Racconto 1° Classificato – Quarta Edizione – 2021

GLI EROI DEI FILM MUOIONO SEMPRE

di Maena Delrio

 

A Mirko

 

L’orologio scandisce i secondi, i minuti, le ore. Il ticchettio cadenzato riempie la stanza, interrompe il flusso liquido del silenzio che ci avvolge, accompagna il suono del macchinario che monitora le tue funzioni vitali. È buffo ritrovarci qui, dopo tutto questo tempo. La prima volta è stato vent’anni fa, ma c’eri tu a vegliarmi. Io avevo appena iniziato a vivere. A parti invertite, mi sembra un controsenso. Assurdo, vero? Osservo i tuoi lineamenti, sotto le garze che ti ricoprono il volto. Hanno fatto del loro meglio, credo. I medici, in sala operatoria, ti hanno ricucito bene. Hanno detto che se ti salverai non si vedrà quasi niente. Anzi, togli pure il se. Li avresti dovuti vedere, sembrava di essere sulla scena di un film, tutti quei camici azzurri e verdi che si muovevano in sincronia! La barella sparata alla velocità della luce per i corridoi, le luci potenti della sala operatoria, la flebo infilata nel braccio, le piastre appoggiate sul tuo petto… non ricordi nulla? Ti hanno dovuto rianimare, il tuo cuore si era fermato un poco. Roba da niente, eh. Loro si sono preoccupati, è il loro lavoro.

Io no.

Lo sapevo che ti eri solo presa una piccola pausa dalla vita, un sospiro prima di riprendere a lottare. Ti da fastidio il tubo in gola? A me ne darebbe. Era necessario, hai avuto bisogno di più ossigeno, perché un polmone è danneggiato. Credo che sia stata la ferita che ha destato maggiore preoccupazione, ma hanno rimediato anche a quella. Ci hanno messo un sacco di tempo.

S’è fatto tardi, il primo turno è già tornato a casa, ma io sto qui. Finché non ti svegli rimango con te.

Comunque, prima ho detto una cazzata. Non è vero che sembrava la scena di un film.
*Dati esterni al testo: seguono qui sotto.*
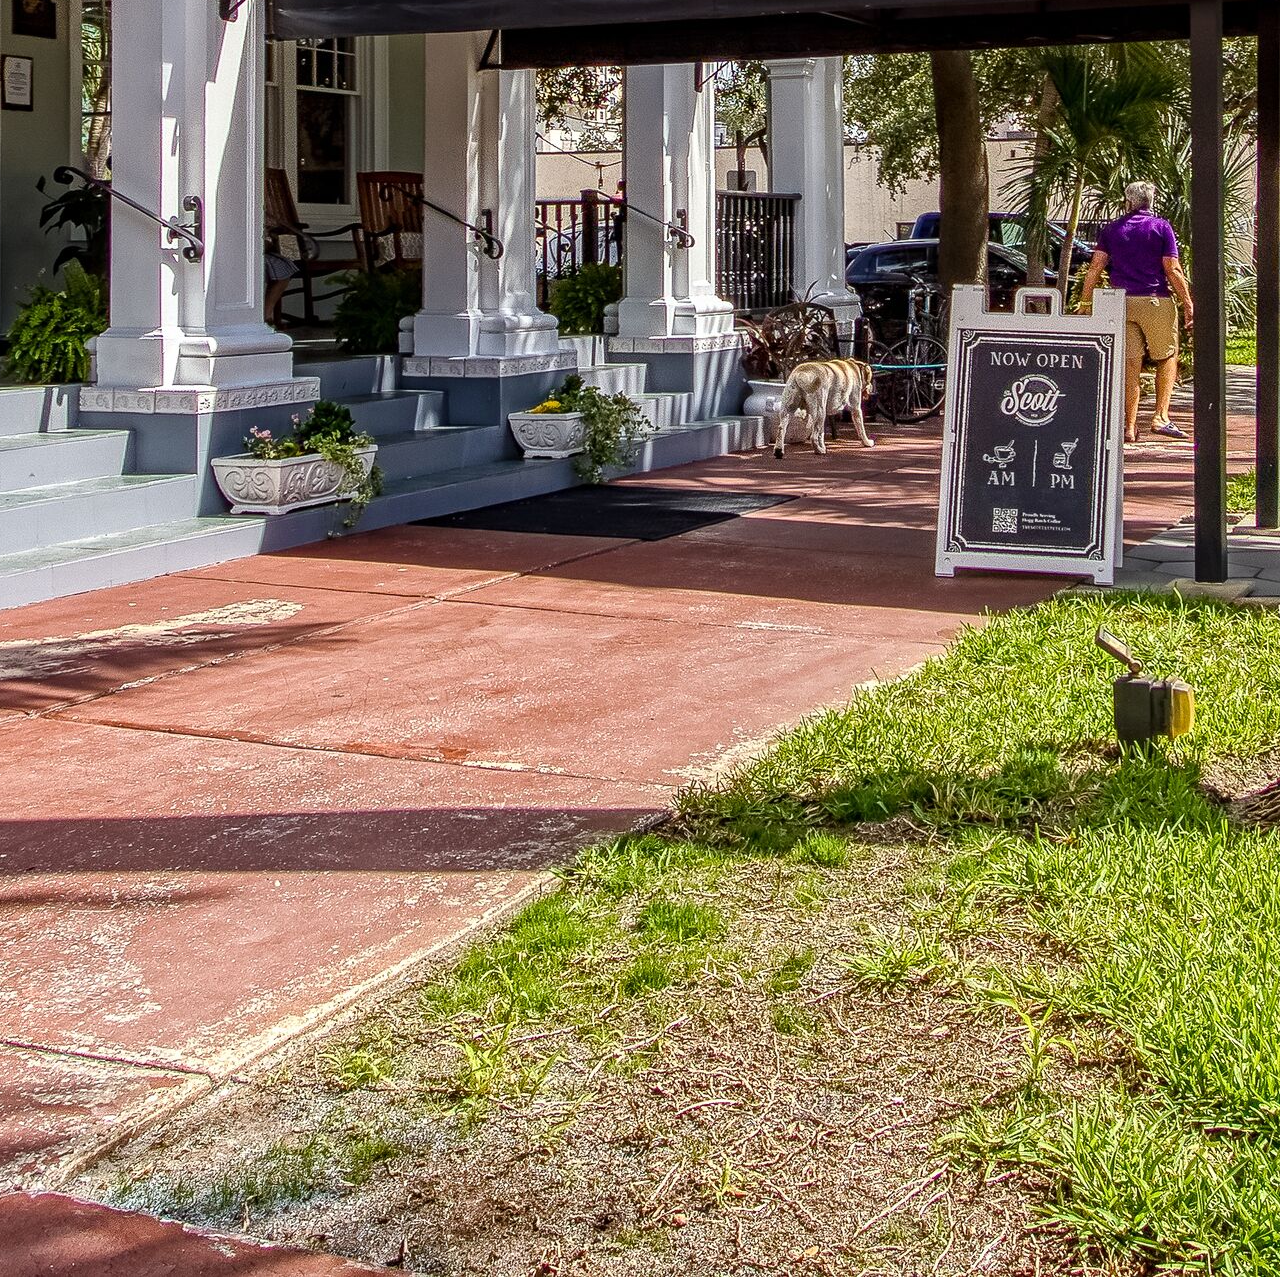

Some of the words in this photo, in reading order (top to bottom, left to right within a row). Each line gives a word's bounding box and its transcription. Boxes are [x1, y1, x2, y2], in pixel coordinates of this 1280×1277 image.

[990, 351, 1031, 367] NOW
[1037, 353, 1084, 369] OPEN
[1001, 378, 1067, 415] Scott
[987, 470, 1016, 486] AM
[1050, 475, 1075, 489] PM
Quando ti hanno portata in pronto soccorso è successo un macello. L’ambulanza ha dovuto fermarsi a dieci metri dall’ingresso perché uno stronzo aveva parcheggiato proprio lì di fronte. La gente che aspettava in fila per entrare all’accettazione non si è spostata fino a che un operatore non ha preso tutti a male parole. Non te le ripeto, tranquilla, so che non vuoi che usi un linguaggio scurrile in tua presenza. Comunque, alla fine li hanno fatti passare con te sulla barella. Ti hanno coperto con un altro telo bianco perché il primo sembrava un grembiule da macellaio. Un tizio tamponava la ferita sul tuo addome e un altro ti ha ventilato tutto il tempo con un palloncino manuale. La barella ha sbattuto due volte sul muro per come andavano veloci e scoordinati. Le ruote andavano per i fatti loro, come quelle dei carrelli del supermercato. I medici sapevano già tutto perché erano stati avvisati mentre ti stavano trasportando in ospedale, perciò non hanno chiesto nulla. In chirurgia qualcuno stava ancora indossando il camice quando ti hanno deposto sul letto operatorio. Mentre chiudevano le porte, ho visto uno farsi il segno della croce. Un altro si è portato una mano alla bocca quando ti hanno levato quei teli imbrattati di dosso. Un’infermiera è sbiancata. Le hanno urlato di riprendersi o uscire, che non avevano tempo per soccorrere anche lei. Ha annuito, le è scesa una lacrima, ma non è andata da nessuna parte. Gli operatori del 118 sono rimasti fuori ad aspettare, come se temessero che avessi ancora bisogno di loro e che, se fossero andati via troppo presto, ci saresti rimasta male. Avevano tutti gli occhi lucidi. Quello che ti ha tamponato le ferite l’ho beccato dietro a una macchina, in fondo ai parcheggi, che vomitava. Aveva ancora la giacca sporca del tuo sangue.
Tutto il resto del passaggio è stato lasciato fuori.